AUVS bot once deployed in an environment can autonomously navigate and sanitize its working area using UV lights once it maps its working environment by itself. The sanitization process of the bot uses the principle of Ultraviolet germicidal irradiation, this is a highly effective technique as it can cause damage to the virus at a molecular level. It is mounted with 5 individual UV lamps to cover all the blind spots. It has dynamic path planning and obstacle avoidance system. It can evade any obstacle in its way still sanitizing the entire area.

How we built it

The entire project was build using Robot Operating System (ROS). ROS is a publisher-subscriber model. The design of the robot is done on Autodesk Fusion360 Software which later exported to ROS. Once the robot model is exported from Fusion 360, all the necessary gazebo plugins are manually added to the URDF file. The simulation environment and the robot model are spawned in the gazebo. The robot is mounted with an RPlidar, Intel Real Sense Depth camera, encoder, and an IMU sensor. Once the sensor values are properly published by the gazebo engine, Rviz is used to visualize all the sensor and robot model.

1) Gmapping , a process of mapping the working environment from the lidar and odometry values is done, and the generated map is saved.

2) To Localize the robot in the map Adaptive Monte Carlo Localization algorithm is used.

3) Once the robot is localized, Global and Local cost maps are generated from robot pose estimation from the localization algorithms.

4) Using A* algorithm for the global map and Dynamic Windowed Approach is used on the local cost maps to find the best path for the robot dynamically.

With the synchronization of various sensors values and algorithms autonomy of the robot is achieved by using the ROS framework.

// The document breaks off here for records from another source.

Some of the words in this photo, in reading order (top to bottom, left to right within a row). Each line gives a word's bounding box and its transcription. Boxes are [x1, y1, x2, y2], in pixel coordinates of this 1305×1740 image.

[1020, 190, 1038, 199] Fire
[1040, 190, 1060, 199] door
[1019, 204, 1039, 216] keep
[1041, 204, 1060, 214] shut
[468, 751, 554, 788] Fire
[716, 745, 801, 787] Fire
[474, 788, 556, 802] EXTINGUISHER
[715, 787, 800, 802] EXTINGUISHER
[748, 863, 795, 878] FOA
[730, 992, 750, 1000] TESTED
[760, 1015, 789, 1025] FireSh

ROS Navigation Stack of the Project alt text

Challenges we ran into

The major challenges are importing the CAD design from Fusion360 into ROS and Fine Tunning the AMCL and Path Planning parameters. The working axis of the Fusion360 and ROS are different and the transforms produced by the URDF are the most important things upon which the entire tech stack depends upon.

What's next for AUVS Bot

Waypoint navigation can be implemented by fusing GPS, Odom, and IMU data using Extended Kalman Filters, which can increase the further area of operation.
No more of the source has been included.